▸ **WHAT YOU SHOULD DO**: Here is a listing. Write it all out again exactly, but not its pictures.

▸ **DATA FOR ANALYSIS**:
++++++++++
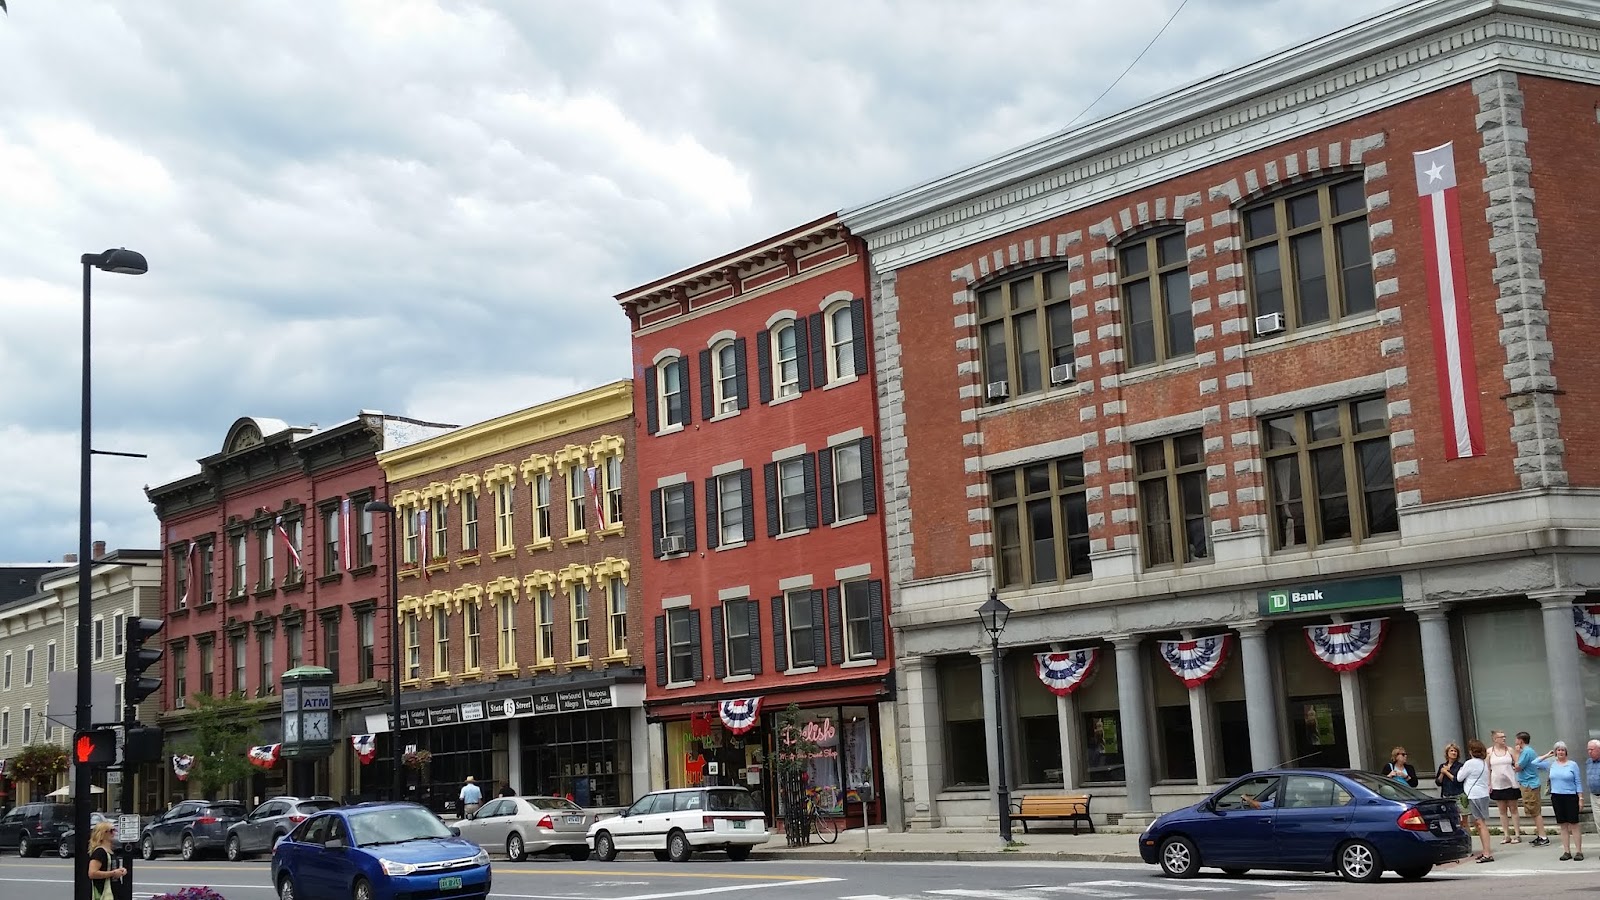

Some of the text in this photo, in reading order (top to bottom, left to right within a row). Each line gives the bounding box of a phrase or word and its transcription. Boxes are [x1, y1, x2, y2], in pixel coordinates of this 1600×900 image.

[1271, 590, 1323, 608] TD Bank
[304, 698, 328, 707] ATM
[516, 701, 530, 709] Street
[565, 701, 579, 709] Allegro
[490, 704, 503, 712] State
[506, 703, 513, 713] 15
[823, 748, 838, 760] Shop
++++++++++
▸ **RESPONSE TO THE TASK**:
Some of the text in this photo, in reading order (top to bottom, left to right within a row). Each line gives the bounding box of a phrase or word and its transcription. Boxes are [x1, y1, x2, y2], in pixel coordinates of this 1600×900 image.

[1271, 590, 1323, 608] TD Bank
[304, 698, 328, 707] ATM
[516, 701, 530, 709] Street
[565, 701, 579, 709] Allegro
[490, 704, 503, 712] State
[506, 703, 513, 713] 15
[823, 748, 838, 760] Shop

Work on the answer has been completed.